Down to the last line below, repeat the entries word for word and drop the pictures.

── Supplied records

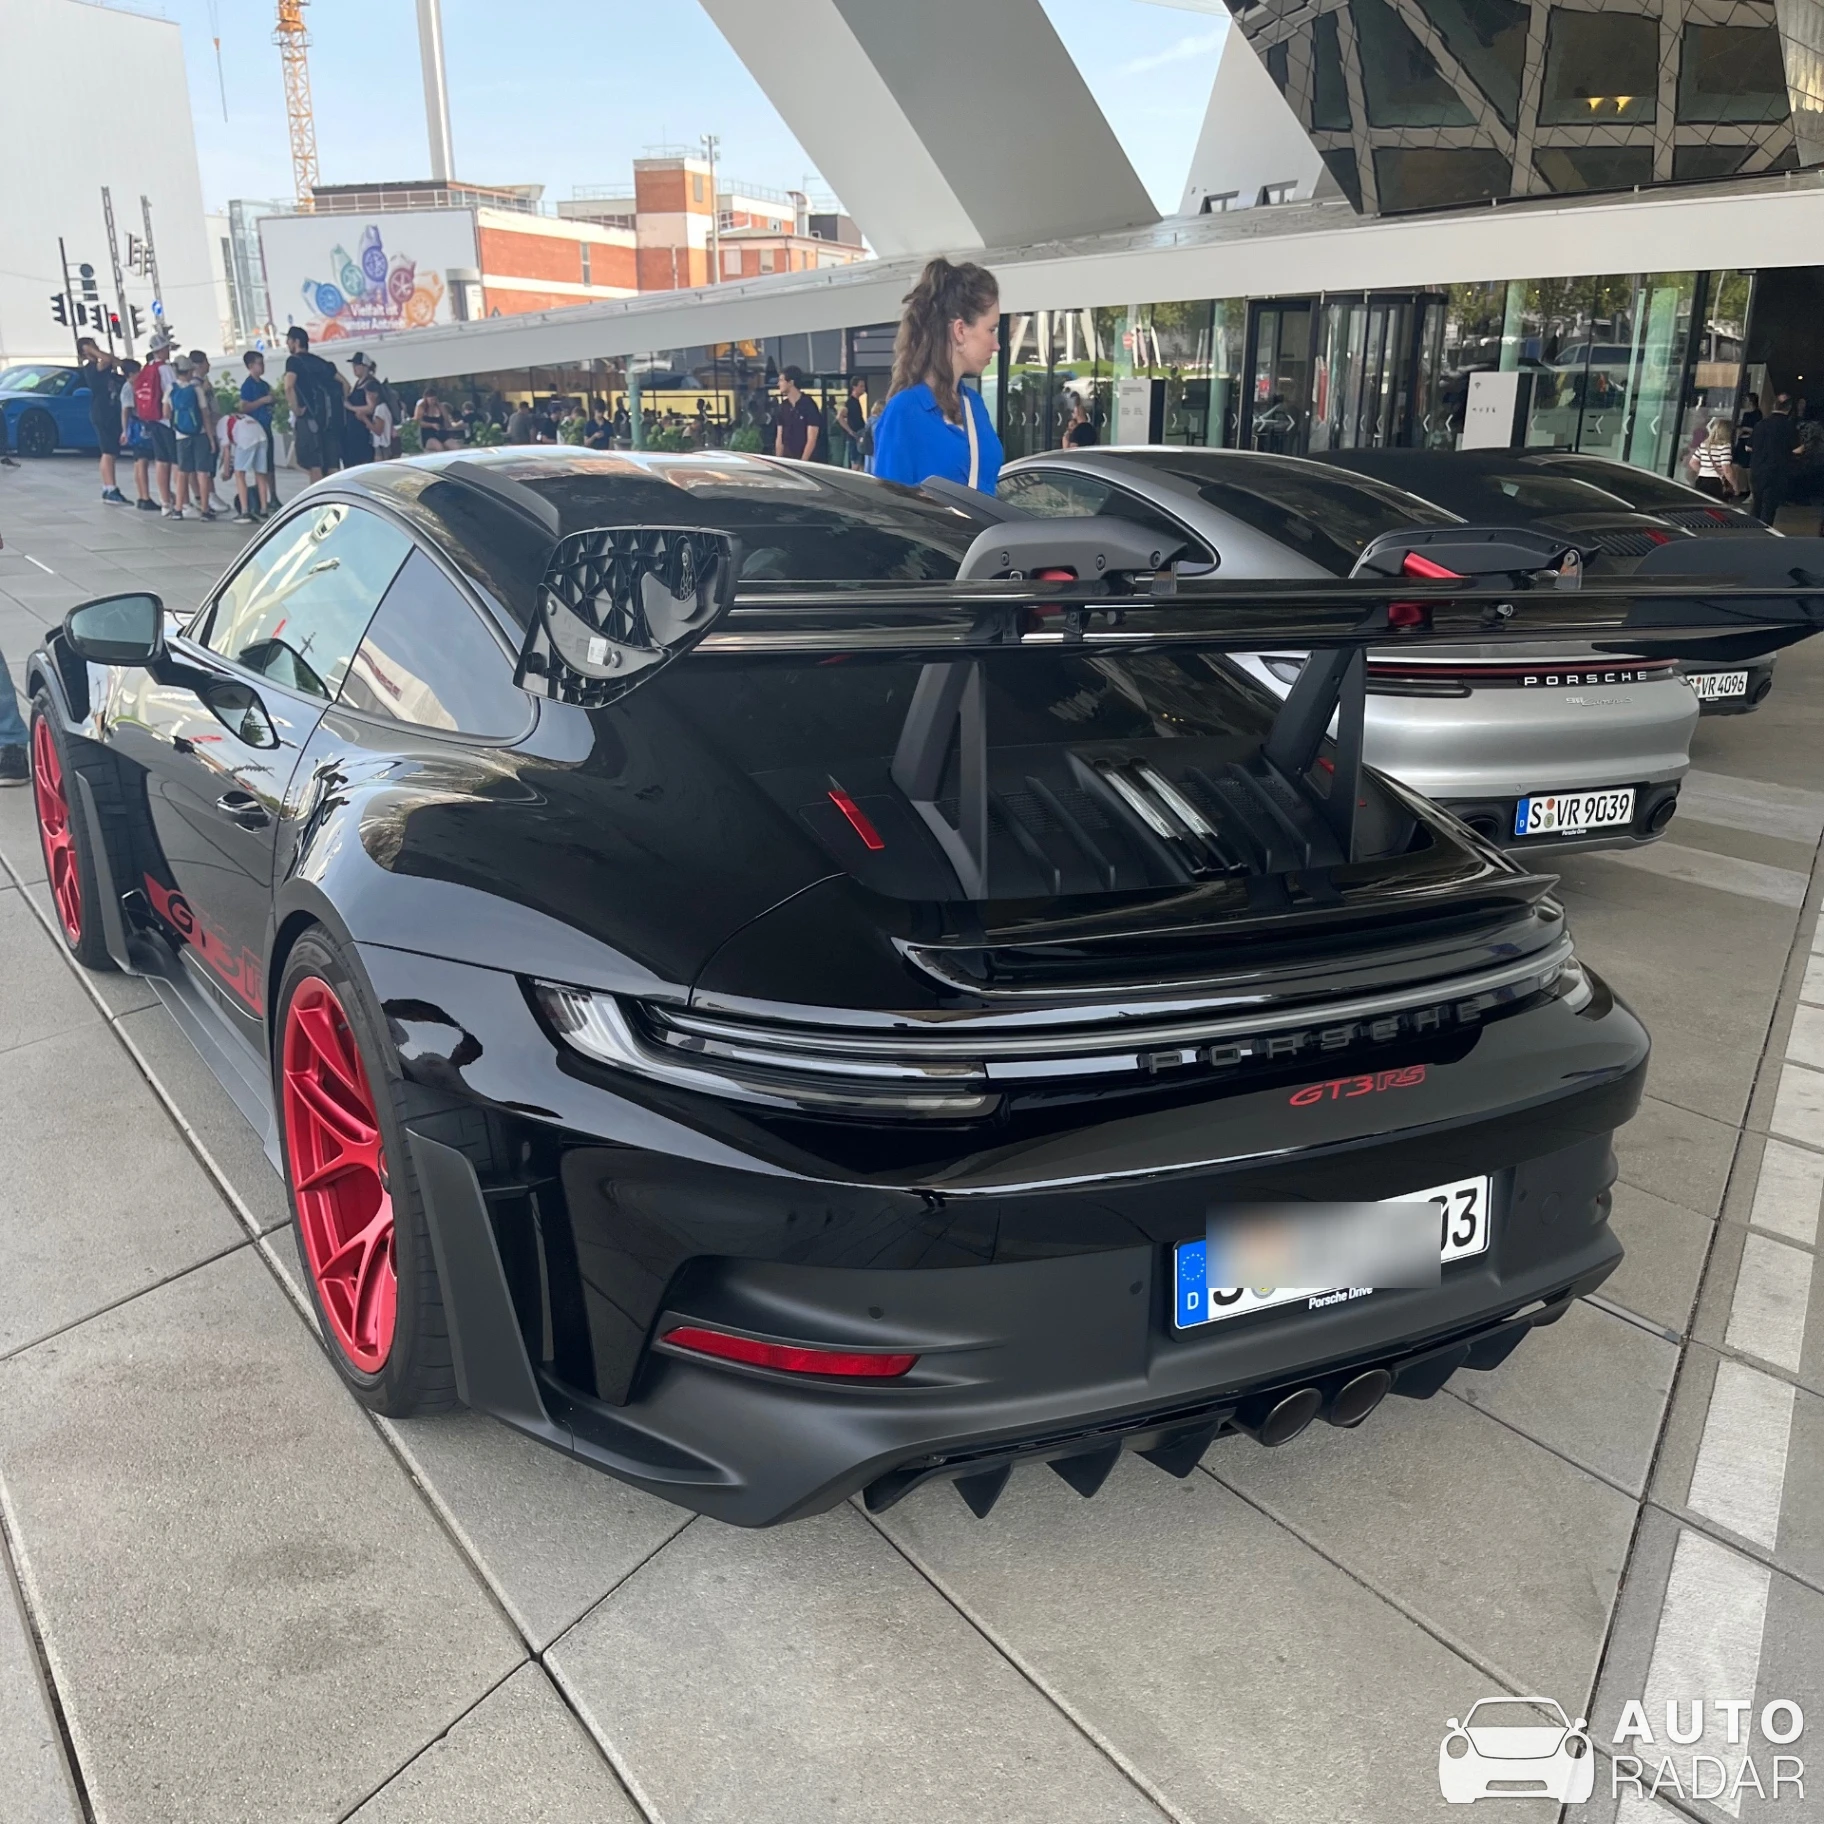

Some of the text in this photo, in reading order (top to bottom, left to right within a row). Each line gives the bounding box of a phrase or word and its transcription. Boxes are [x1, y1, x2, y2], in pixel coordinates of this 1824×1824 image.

[1524, 671, 1647, 686] PORSCHE
[1702, 675, 1744, 695] VR 4096
[1529, 794, 1630, 828] S VR 9039
[1149, 1001, 1482, 1074] PORSCHE
[1187, 1291, 1199, 1311] D
[1308, 1288, 1373, 1310] Porsche Drive
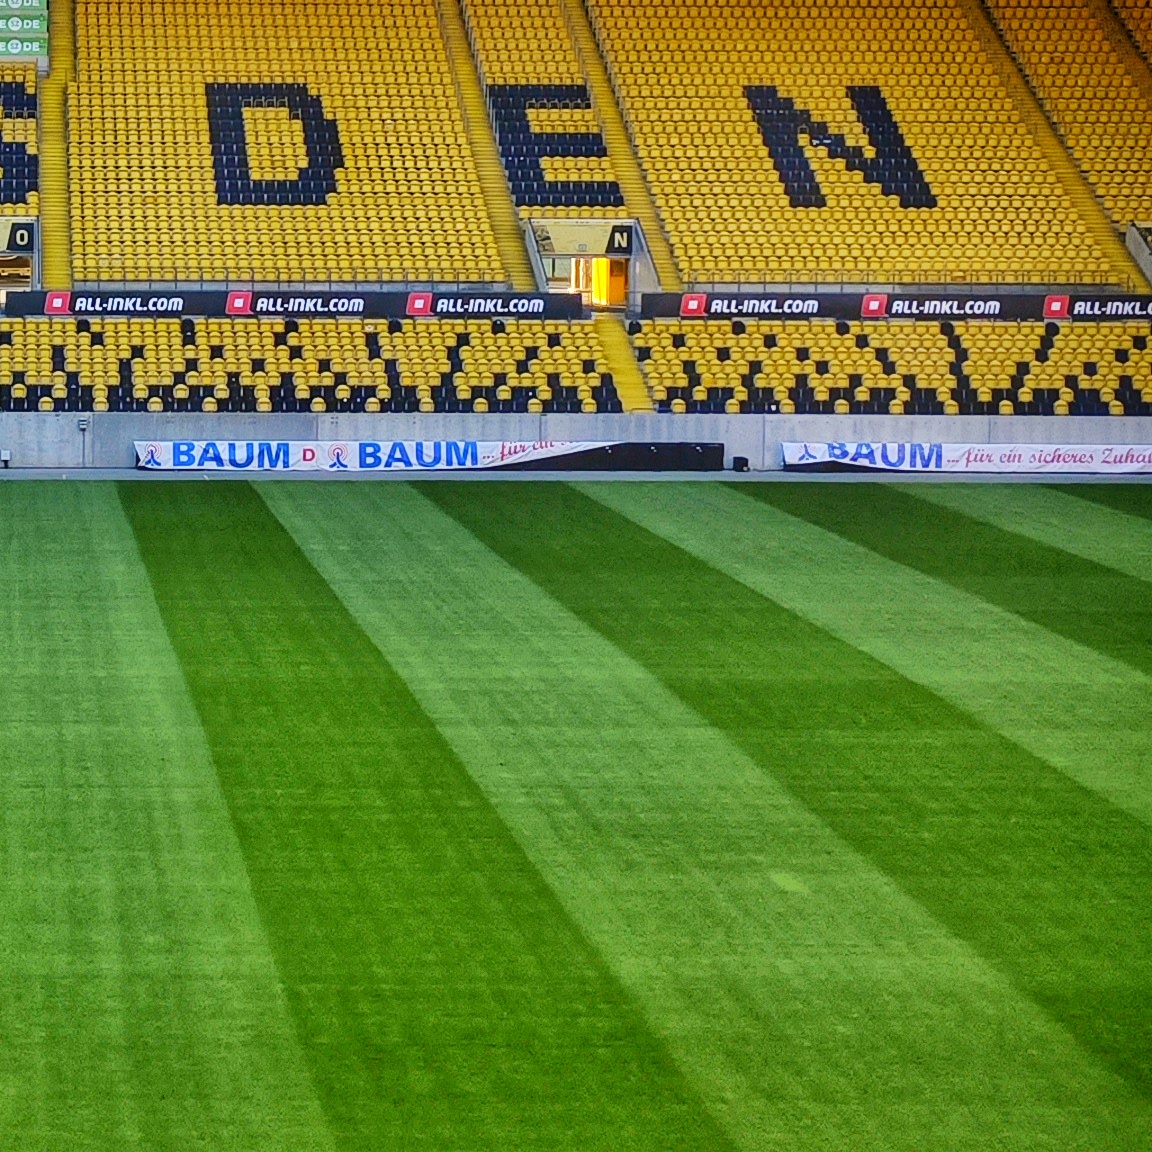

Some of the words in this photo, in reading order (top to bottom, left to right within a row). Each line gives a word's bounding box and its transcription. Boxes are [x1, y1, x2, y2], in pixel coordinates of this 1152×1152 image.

[23, 19, 40, 28] DE
[23, 42, 40, 51] DE
[614, 232, 627, 247] N
[74, 297, 183, 311] ALL-INKL.COM
[256, 298, 364, 312] ALL-INKL.COM
[436, 298, 544, 313] ALL-INKL.COM
[710, 299, 819, 313] ALL-INKL.COM
[891, 300, 1001, 315] ALL-INKL.COM
[172, 441, 290, 468] BAUM
[302, 448, 315, 462] D
[358, 441, 478, 469] BAUM
[500, 441, 527, 461] für
[827, 443, 942, 468] BAUM
[965, 448, 994, 468] für
[999, 449, 1023, 464] ein
[1029, 448, 1094, 464] sicheres

────

Answer to this exercise —
Some of the text in this photo, in reading order (top to bottom, left to right within a row). Each line gives the bounding box of a phrase or word and its transcription. Boxes are [x1, y1, x2, y2], in pixel coordinates of this 1824×1824 image.

[1524, 671, 1647, 686] PORSCHE
[1702, 675, 1744, 695] VR 4096
[1529, 794, 1630, 828] S VR 9039
[1149, 1001, 1482, 1074] PORSCHE
[1187, 1291, 1199, 1311] D
[1308, 1288, 1373, 1310] Porsche Drive

Some of the words in this photo, in reading order (top to bottom, left to right within a row). Each line gives a word's bounding box and its transcription. Boxes are [x1, y1, x2, y2], in pixel coordinates of this 1152×1152 image.

[23, 19, 40, 28] DE
[23, 42, 40, 51] DE
[614, 232, 627, 247] N
[74, 297, 183, 311] ALL-INKL.COM
[256, 298, 364, 312] ALL-INKL.COM
[436, 298, 544, 313] ALL-INKL.COM
[710, 299, 819, 313] ALL-INKL.COM
[891, 300, 1001, 315] ALL-INKL.COM
[172, 441, 290, 468] BAUM
[302, 448, 315, 462] D
[358, 441, 478, 469] BAUM
[500, 441, 527, 461] für
[827, 443, 942, 468] BAUM
[965, 448, 994, 468] für
[999, 449, 1023, 464] ein
[1029, 448, 1094, 464] sicheres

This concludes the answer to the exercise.